Appliance & Lighting Control

Being able to control lights and appliances is one of the basics of any home automation system, there are now many different systems available on the market and I currently use a number of different systems which while directly incompatible with each other I have brought together with Node-RED to make them all controllable via MQTT so the differences are transparent.

Milight RGB bulbs & LED strip controllers

The Milight system is a range of RF controlled RGB bulbs and controllers for RGB LED strip salso known as LimitlessLED and EasyBulb among other names. The bulbs and controllers operate on 2.4GHz RF but are not themselves WiFi, they connect to a WiFi bridge, each of which can support up to 4 zones with multiple lights possible on each zone. I currently have 7 of the RGBWW bulbs and 4 of the RGB LED strip controllers linked to 2 of the WiFi bridges. Out of the box only (pretty abysmal) phone apps are provided but thankfully there is also an open API so they are easy to integrate into other system and I control them from Node-RED.


I also have 4 Qube bulbs due in mid 2016 from the Indiegogo campaign, these are controllable directly via WiFi (no hub required) and also have Bluetooth and they have promised an open API later this year. More on these once I receive them.

Home Easy (433 MHz RF)

The remainder of my lighting and appliance control is currently Home Easy based which is a low cost one way 433MHz RF based system. The basic on/off plug in appliance/lighting modules can be had for around £20 for a pack of 3 with a remote control, less if you pick them up second hand on eBay and being controlled via 433MHz OOK signals they can easily be controlled using an Arduino etc. The Home Easy range also includes plug in bayonet light fittings, ceiling roses and hideaway modules.

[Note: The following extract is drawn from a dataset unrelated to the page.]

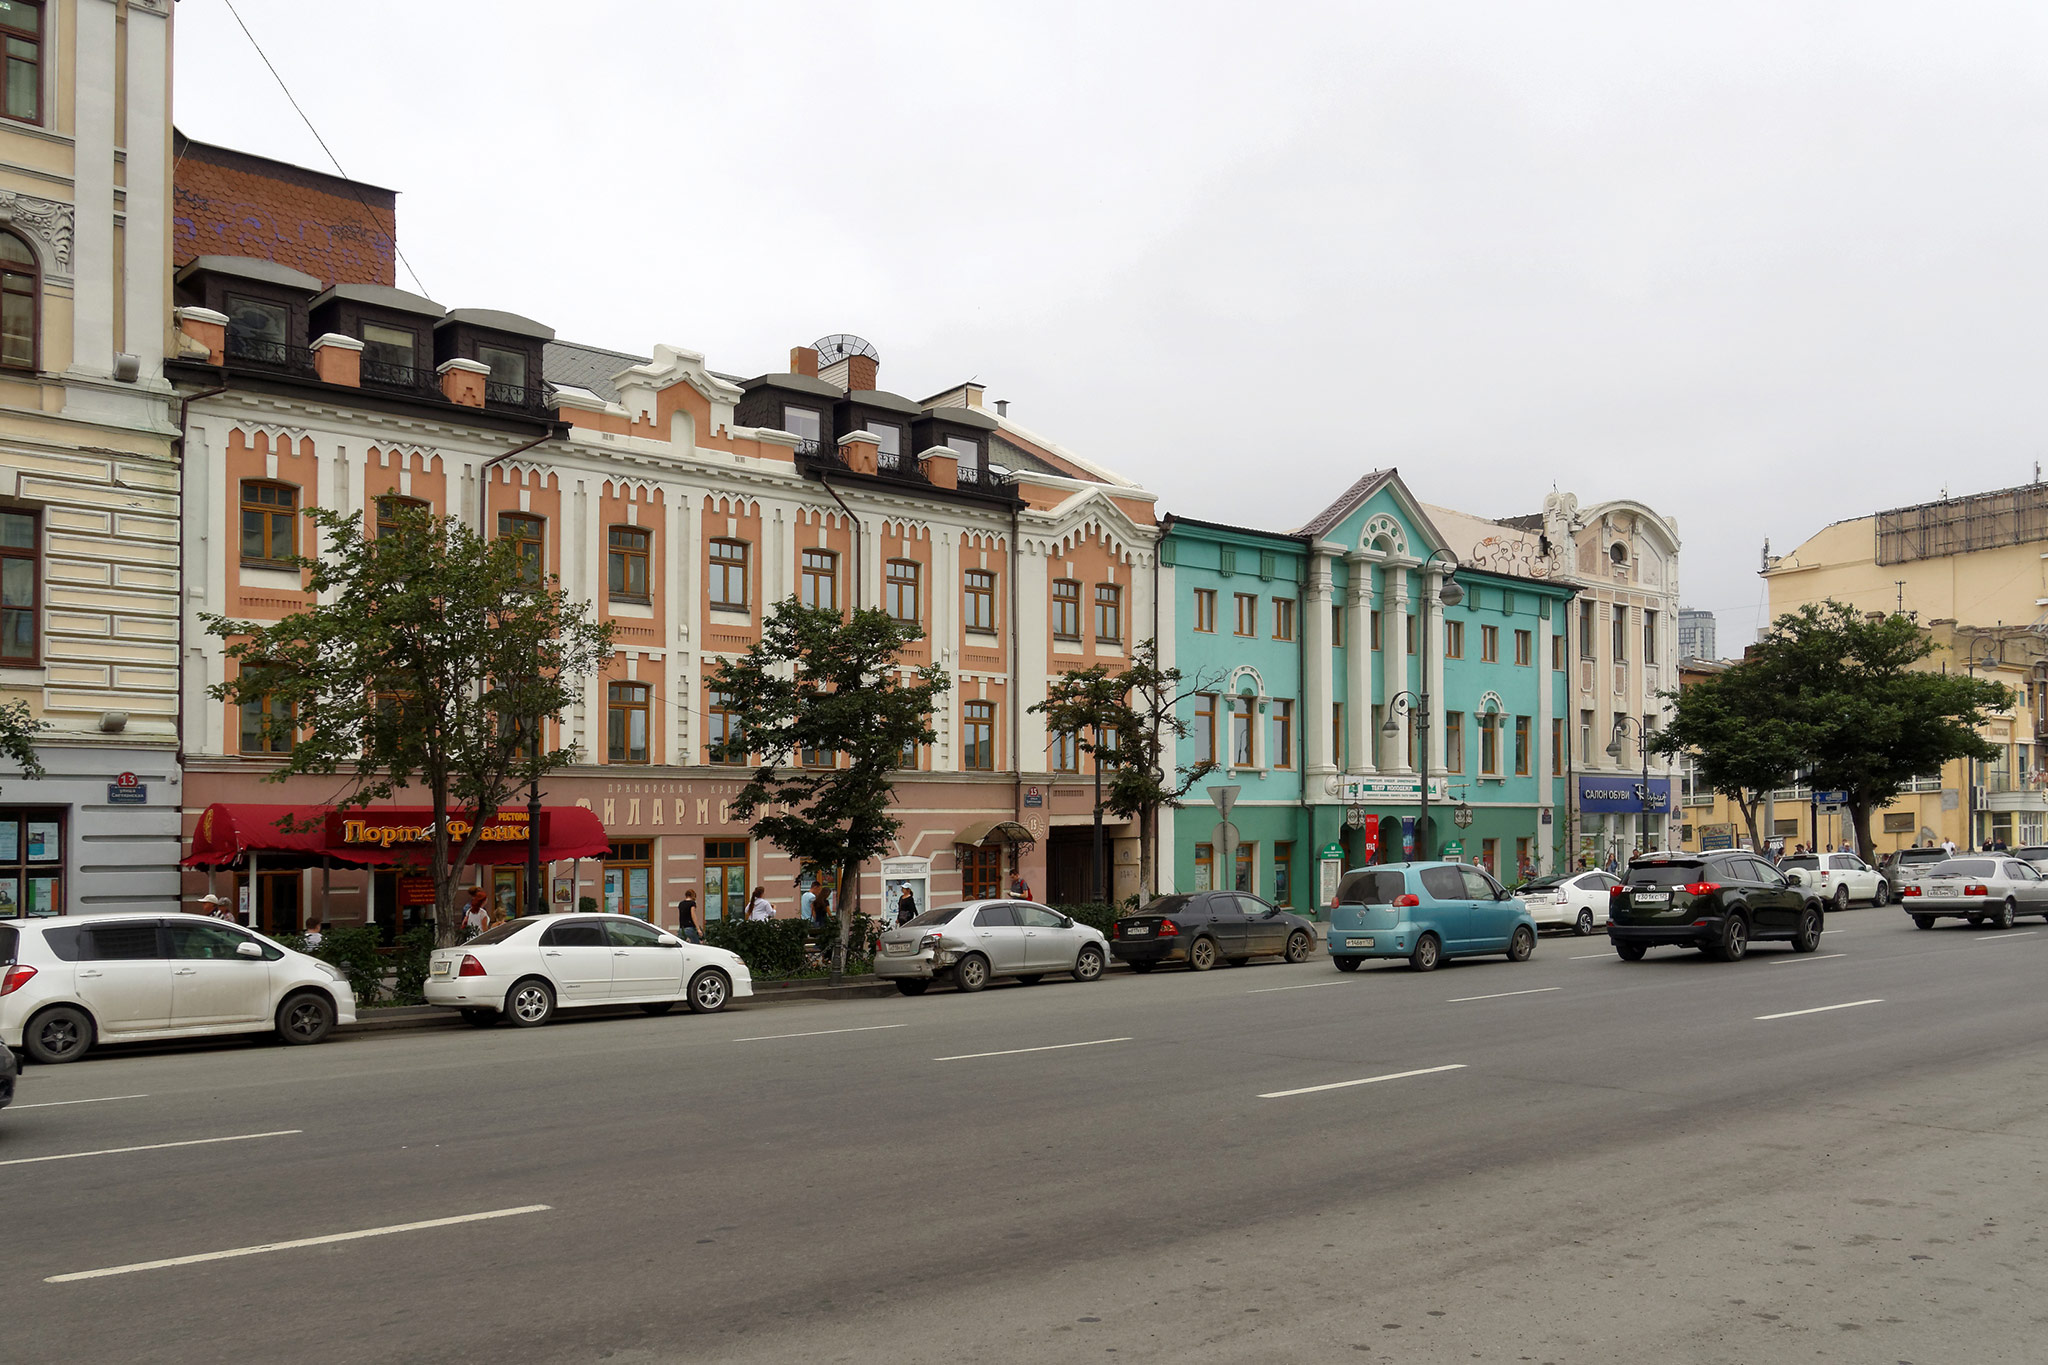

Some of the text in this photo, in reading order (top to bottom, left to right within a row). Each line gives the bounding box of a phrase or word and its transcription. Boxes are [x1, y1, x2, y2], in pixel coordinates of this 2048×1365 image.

Communication with the Home Easy modules is via MQTT to an Arduino with a 433MHz transmitter, see the blog post about this.

HE310W HE207

X10 (Powerline)

X10 is where I started with home automation back in 2002. X10 is a powerline carrier technology that communicates via the mains wiring, it’s quite old technology (originally developed in 1975) and better solutions are now available for most cases. I stuck with it for years but as more and more electrical devices have been added around the house it has started to become more and more unreliable (lost commands and spurious commands due to interference on the mains) so I have swapped all but a couple of them for RF controlled units that don’t suffer from this problem.

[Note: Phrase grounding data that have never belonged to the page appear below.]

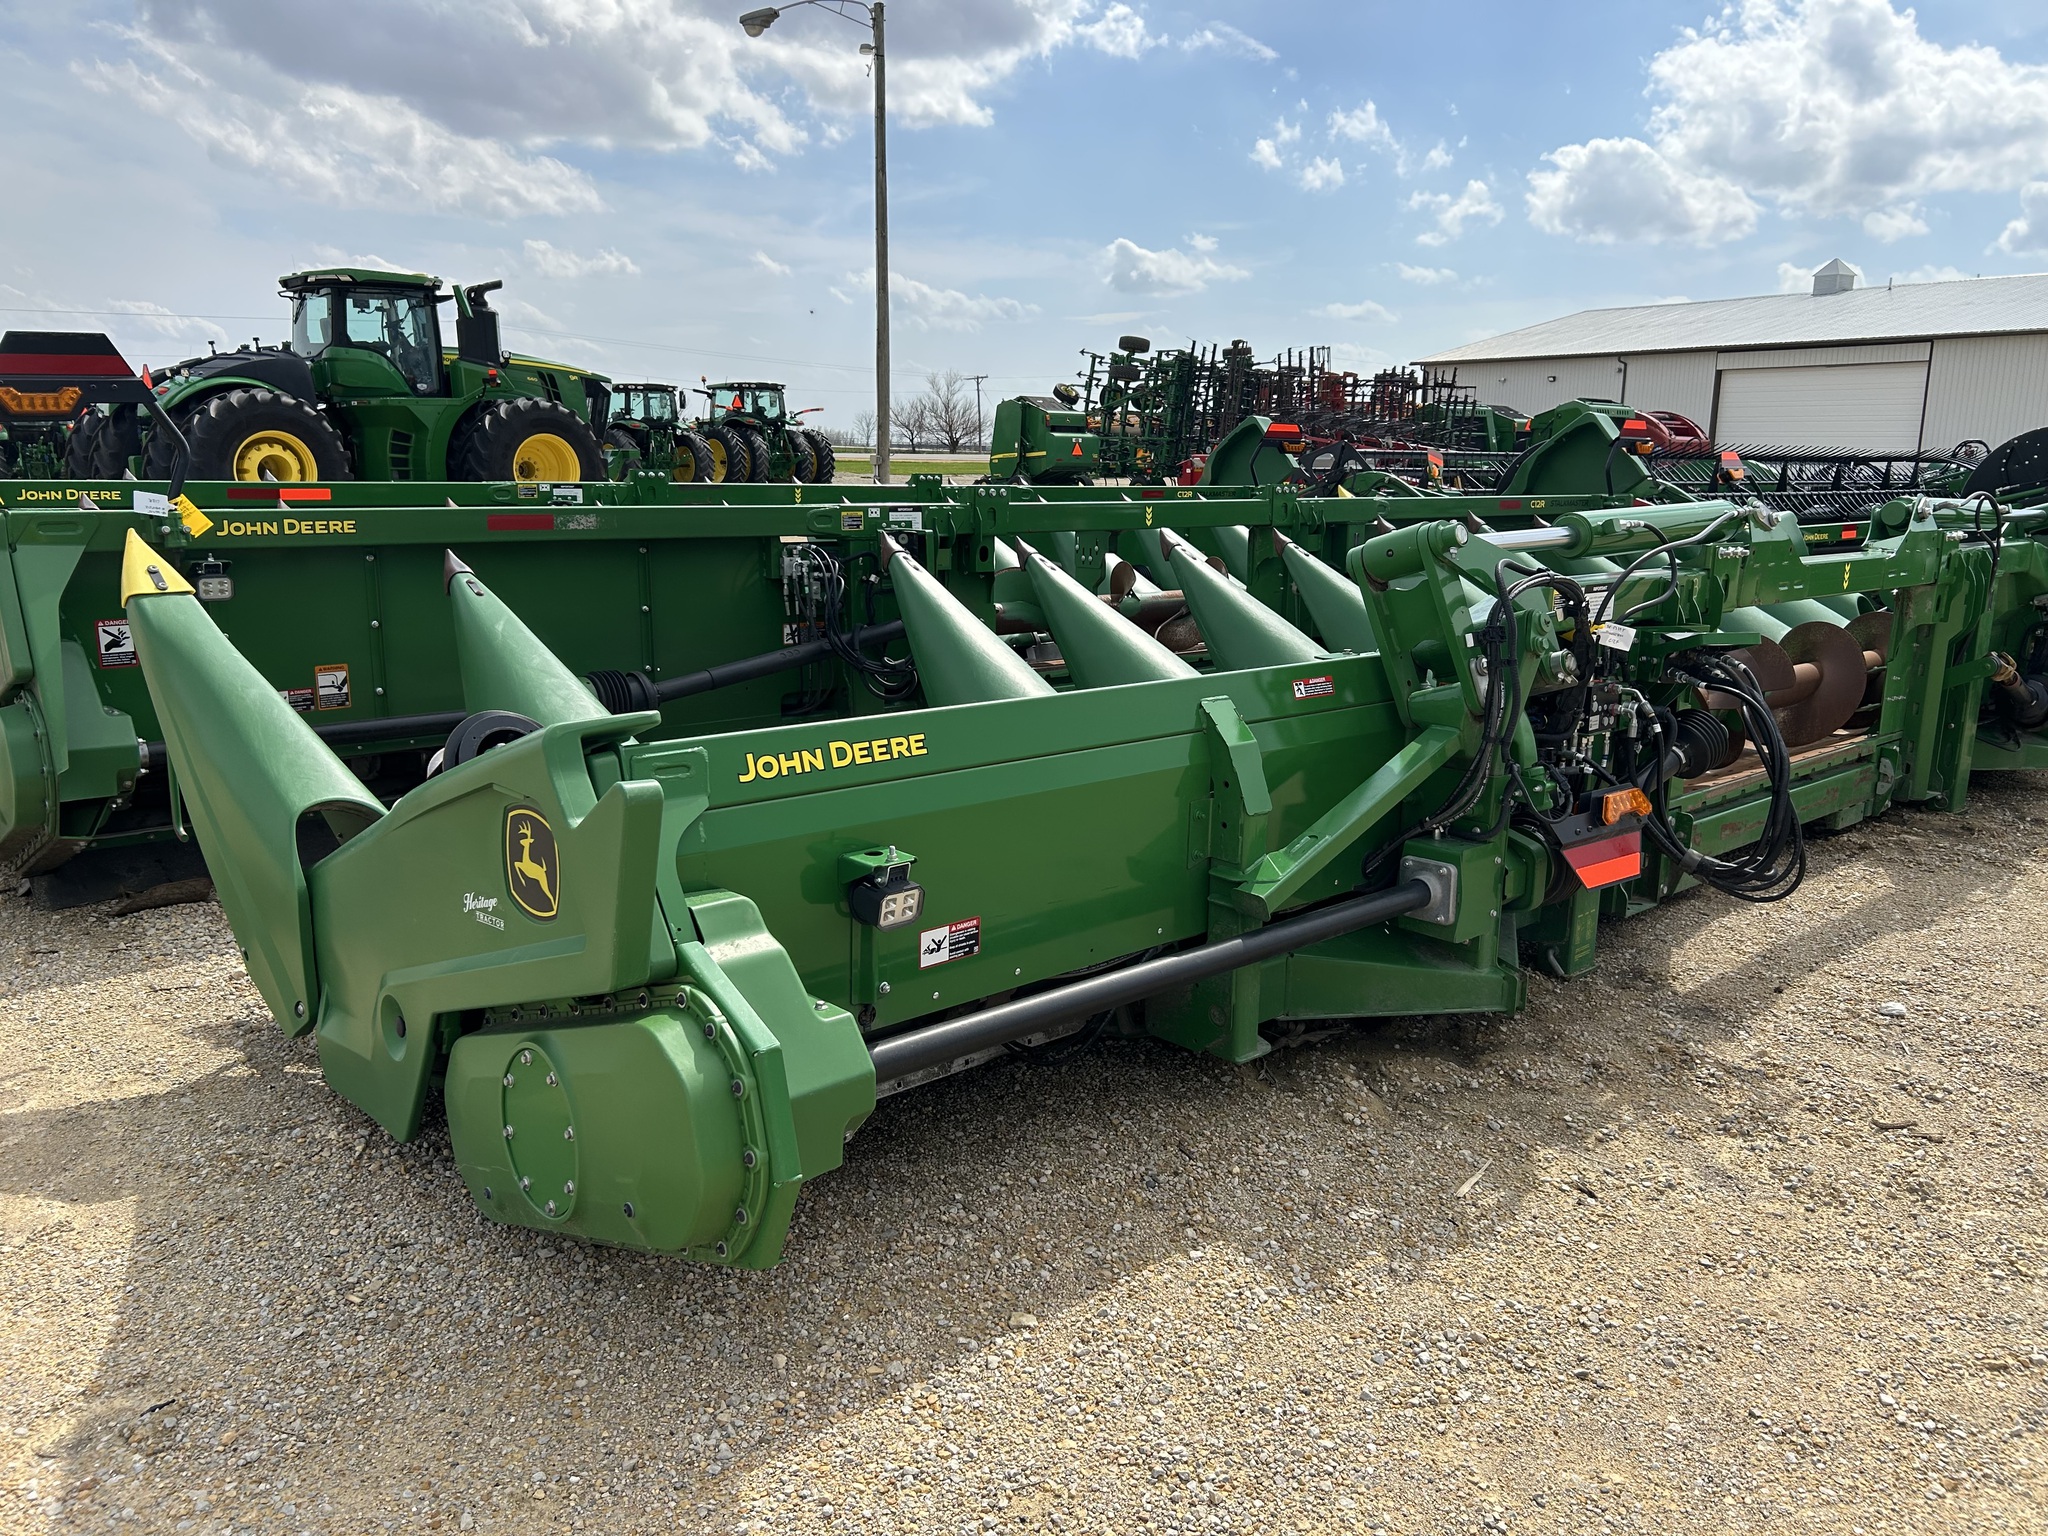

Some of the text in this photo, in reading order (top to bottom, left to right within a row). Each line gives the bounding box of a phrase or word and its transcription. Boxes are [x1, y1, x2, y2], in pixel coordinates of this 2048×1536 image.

[16, 488, 62, 501] JOHN
[1530, 500, 1546, 508] C12R
[216, 519, 279, 537] JOHN
[282, 518, 357, 535] DEERE
[1804, 533, 1815, 541] OHN
[738, 733, 928, 783] JOHN DEERE
[463, 892, 498, 913] Heritage
[475, 911, 505, 929] TRACTOR
[956, 919, 977, 930] DANGER

X10 control is done via a CM12U computer interface connected by serial to my Debian home automation server and controlled via HeYu from Node-RED using the Exec node.

X10-AM12U X10-LM12U

Orvibo S20 (WiFi)

The Orvibo S20 is quite a recent addition and I have a couple of these cheap WiFi controlled remote sockets now in use. I quite like these and will probably add some more in time.

Control is from Node-RED using the flow I blogged about here.


ESP8266 & iTead Sonoff (WiFi)

I have a couple of DIY ESP8266 modules controlling low voltage lighting, these are ESP-03 modules on my own dev board connected to an off the shelf relay module. I’ve also got one of the Itead Sonoff ESP8266 based relay modules in use, this is a nice inline mains switching solution and I can see more of these being put into use. An alternative is the Electrodragon ESP8266 relay module, I wrote a blog post about how these compare to the Sonoff and why I prefer the latter.

Control for the ESP8266 modules is via MQTT.



Currently I only have one device controlled by infrared, a DAB tuner connected to the main amplifier. For this I use an old Nanode 5 which I wrote a REST interface for to control the tuner. There is a blog post about this here. I plan to rewrite this to use MQTT directly and add in control of the living room TV.

Control for the Infrared is via MQTT/Node-RED to the REST interface.